Thomas Hardy

I look into my glass by Thomas Hardy

‘I look into my glass’ by Thomas Hardy describes the painful process of aging and how one’s mental age is not always in line with one’s physical. 

‘I look into my glass’ by Thomas Hardy is a short three-stanza poem that is separated into sets of four lines, or quatrains. Each of these quatrains follows a consistent rhyme scheme, conforming to a pattern of abab cdcd efef. A reader should also take of the fact that the ends of lines one and two of stanza three come close to rhyming with lines two and four of stanza two. This is known as a half or slant rhyme. It helps to create a sense of unity between the different sections. 

In regards to meter, the text is mainly formatted in iambic trimeter. This means that almost every line contains three sets of two beats. The first of these is unstressed and the second stressed. There is one consistent exception though, the final line of each stanza. All three of these lines are written in iambic tetrameter. Rather than three, they have four sets of two beats per line. 

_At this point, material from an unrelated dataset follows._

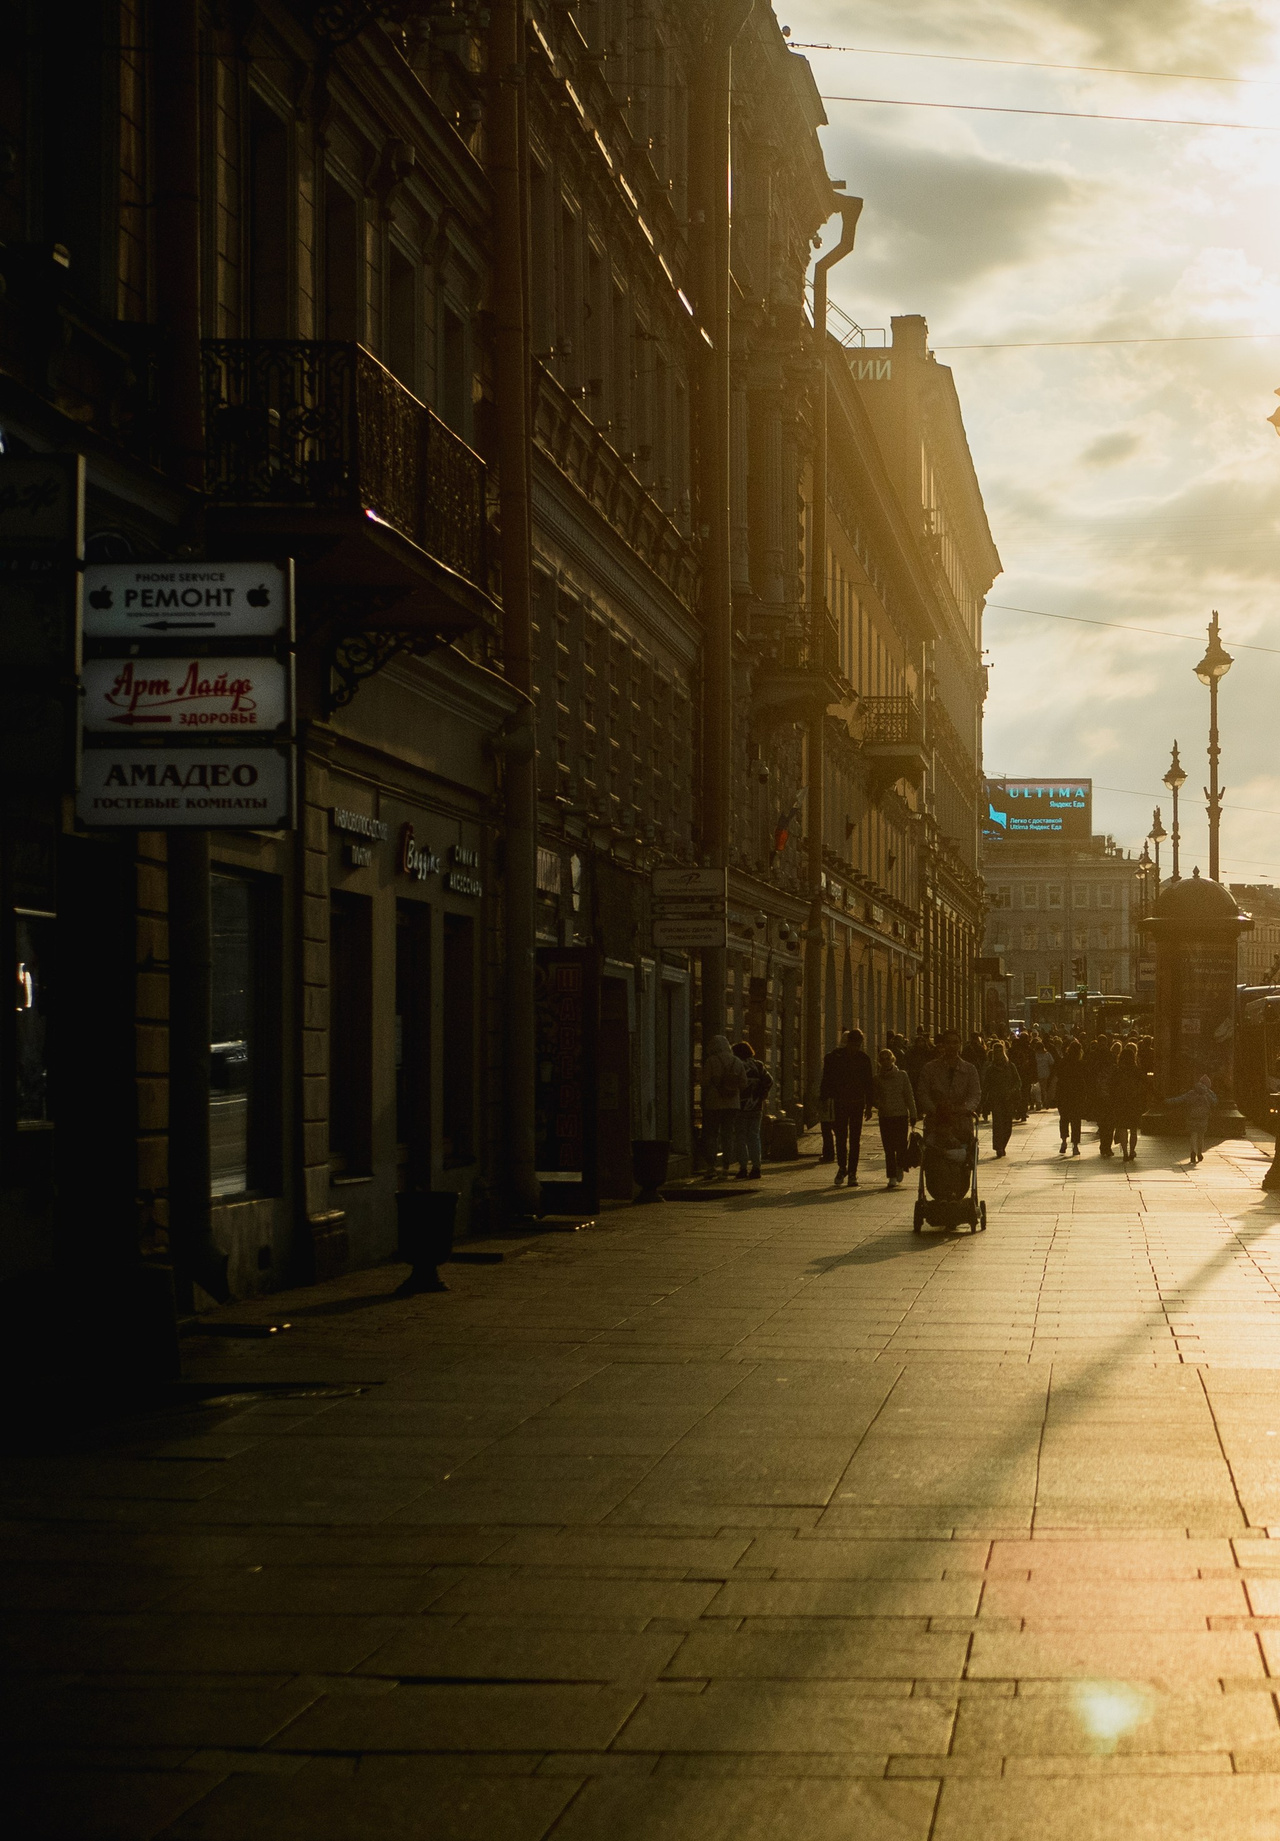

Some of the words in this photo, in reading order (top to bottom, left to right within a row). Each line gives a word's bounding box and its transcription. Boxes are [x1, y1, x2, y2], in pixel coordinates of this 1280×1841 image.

Hardy chose to compose this piece from a first-person narrative perspective. This means that a reader feels as if they are hearing an account of the speaker’s deepest inner thoughts. This is the most effective way to craft a work that deals with something so personal. It also alludes to the possibility that these were Hardy’s own thoughts, a claim bolstered by the works which were published alongside ‘I look into my glass. 

Hardy originally published this piece in Wessex Poems, released in 1898. It is one of the many in this collection that dealt with themes associated with aging. Hardy was around 60 years old at the time the pieces were written, and his evolving understanding of what it means to age is present in the text. 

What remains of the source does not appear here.